___ PROVIDED DATA

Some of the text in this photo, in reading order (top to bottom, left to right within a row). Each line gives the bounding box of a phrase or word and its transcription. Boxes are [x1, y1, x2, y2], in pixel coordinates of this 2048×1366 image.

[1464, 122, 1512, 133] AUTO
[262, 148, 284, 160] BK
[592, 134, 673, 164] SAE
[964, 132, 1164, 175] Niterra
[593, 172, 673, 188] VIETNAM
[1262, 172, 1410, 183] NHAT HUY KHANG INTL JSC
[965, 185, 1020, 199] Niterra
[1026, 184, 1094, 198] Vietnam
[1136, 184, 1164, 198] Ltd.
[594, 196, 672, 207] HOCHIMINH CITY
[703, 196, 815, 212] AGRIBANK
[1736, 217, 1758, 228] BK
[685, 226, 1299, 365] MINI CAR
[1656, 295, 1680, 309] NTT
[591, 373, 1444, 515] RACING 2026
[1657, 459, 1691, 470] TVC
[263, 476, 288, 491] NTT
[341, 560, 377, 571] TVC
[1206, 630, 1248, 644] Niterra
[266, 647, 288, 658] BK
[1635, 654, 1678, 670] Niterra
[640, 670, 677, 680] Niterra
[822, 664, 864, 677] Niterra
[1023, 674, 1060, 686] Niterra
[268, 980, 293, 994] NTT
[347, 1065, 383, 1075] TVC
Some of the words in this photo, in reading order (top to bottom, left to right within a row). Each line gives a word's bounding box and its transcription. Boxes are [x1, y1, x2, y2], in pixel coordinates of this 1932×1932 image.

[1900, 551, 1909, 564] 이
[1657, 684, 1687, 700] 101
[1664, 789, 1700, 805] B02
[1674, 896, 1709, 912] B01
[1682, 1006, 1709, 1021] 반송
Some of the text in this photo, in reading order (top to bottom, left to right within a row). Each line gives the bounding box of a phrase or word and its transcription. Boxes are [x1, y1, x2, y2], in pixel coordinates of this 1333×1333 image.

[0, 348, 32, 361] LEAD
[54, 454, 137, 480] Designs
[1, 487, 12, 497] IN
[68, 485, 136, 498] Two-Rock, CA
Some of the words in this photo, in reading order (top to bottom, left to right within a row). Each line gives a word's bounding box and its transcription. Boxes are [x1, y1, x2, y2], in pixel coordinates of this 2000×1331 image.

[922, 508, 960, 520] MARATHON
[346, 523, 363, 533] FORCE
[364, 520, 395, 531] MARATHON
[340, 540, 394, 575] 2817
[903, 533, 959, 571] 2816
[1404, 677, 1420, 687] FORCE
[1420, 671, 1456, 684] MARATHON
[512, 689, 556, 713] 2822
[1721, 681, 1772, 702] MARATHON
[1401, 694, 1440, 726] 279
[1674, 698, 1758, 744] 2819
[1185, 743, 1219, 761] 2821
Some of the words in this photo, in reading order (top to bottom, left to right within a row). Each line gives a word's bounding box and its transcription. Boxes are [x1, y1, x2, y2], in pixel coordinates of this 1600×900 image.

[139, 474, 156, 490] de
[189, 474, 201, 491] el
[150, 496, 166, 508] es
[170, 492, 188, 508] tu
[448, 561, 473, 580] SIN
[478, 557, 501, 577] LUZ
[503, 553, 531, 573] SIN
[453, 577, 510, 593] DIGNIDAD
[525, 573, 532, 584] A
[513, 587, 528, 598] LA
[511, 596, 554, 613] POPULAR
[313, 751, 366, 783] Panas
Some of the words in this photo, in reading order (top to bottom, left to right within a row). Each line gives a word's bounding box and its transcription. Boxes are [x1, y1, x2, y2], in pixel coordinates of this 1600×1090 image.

______

§ **TASK TO COMPLETE**:
Whatever appears in the listing should be copied exactly and completely.

§ **RESULT**:
Some of the text in this photo, in reading order (top to bottom, left to right within a row). Each line gives the bounding box of a phrase or word and its transcription. Boxes are [x1, y1, x2, y2], in pixel coordinates of this 2048×1366 image.

[1464, 122, 1512, 133] AUTO
[262, 148, 284, 160] BK
[592, 134, 673, 164] SAE
[964, 132, 1164, 175] Niterra
[593, 172, 673, 188] VIETNAM
[1262, 172, 1410, 183] NHAT HUY KHANG INTL JSC
[965, 185, 1020, 199] Niterra
[1026, 184, 1094, 198] Vietnam
[1136, 184, 1164, 198] Ltd.
[594, 196, 672, 207] HOCHIMINH CITY
[703, 196, 815, 212] AGRIBANK
[1736, 217, 1758, 228] BK
[685, 226, 1299, 365] MINI CAR
[1656, 295, 1680, 309] NTT
[591, 373, 1444, 515] RACING 2026
[1657, 459, 1691, 470] TVC
[263, 476, 288, 491] NTT
[341, 560, 377, 571] TVC
[1206, 630, 1248, 644] Niterra
[266, 647, 288, 658] BK
[1635, 654, 1678, 670] Niterra
[640, 670, 677, 680] Niterra
[822, 664, 864, 677] Niterra
[1023, 674, 1060, 686] Niterra
[268, 980, 293, 994] NTT
[347, 1065, 383, 1075] TVC
Some of the words in this photo, in reading order (top to bottom, left to right within a row). Each line gives a word's bounding box and its transcription. Boxes are [x1, y1, x2, y2], in pixel coordinates of this 1932×1932 image.

[1900, 551, 1909, 564] 이
[1657, 684, 1687, 700] 101
[1664, 789, 1700, 805] B02
[1674, 896, 1709, 912] B01
[1682, 1006, 1709, 1021] 반송
Some of the text in this photo, in reading order (top to bottom, left to right within a row). Each line gives the bounding box of a phrase or word and its transcription. Boxes are [x1, y1, x2, y2], in pixel coordinates of this 1333×1333 image.

[0, 348, 32, 361] LEAD
[54, 454, 137, 480] Designs
[1, 487, 12, 497] IN
[68, 485, 136, 498] Two-Rock, CA
Some of the words in this photo, in reading order (top to bottom, left to right within a row). Each line gives a word's bounding box and its transcription. Boxes are [x1, y1, x2, y2], in pixel coordinates of this 2000×1331 image.

[922, 508, 960, 520] MARATHON
[346, 523, 363, 533] FORCE
[364, 520, 395, 531] MARATHON
[340, 540, 394, 575] 2817
[903, 533, 959, 571] 2816
[1404, 677, 1420, 687] FORCE
[1420, 671, 1456, 684] MARATHON
[512, 689, 556, 713] 2822
[1721, 681, 1772, 702] MARATHON
[1401, 694, 1440, 726] 279
[1674, 698, 1758, 744] 2819
[1185, 743, 1219, 761] 2821
Some of the words in this photo, in reading order (top to bottom, left to right within a row). Each line gives a word's bounding box and its transcription. Boxes are [x1, y1, x2, y2], in pixel coordinates of this 1600×900 image.

[139, 474, 156, 490] de
[189, 474, 201, 491] el
[150, 496, 166, 508] es
[170, 492, 188, 508] tu
[448, 561, 473, 580] SIN
[478, 557, 501, 577] LUZ
[503, 553, 531, 573] SIN
[453, 577, 510, 593] DIGNIDAD
[525, 573, 532, 584] A
[513, 587, 528, 598] LA
[511, 596, 554, 613] POPULAR
[313, 751, 366, 783] Panas
Some of the words in this photo, in reading order (top to bottom, left to right within a row). Each line gives a word's bounding box and its transcription. Boxes are [x1, y1, x2, y2], in pixel coordinates of this 1600×1090 image.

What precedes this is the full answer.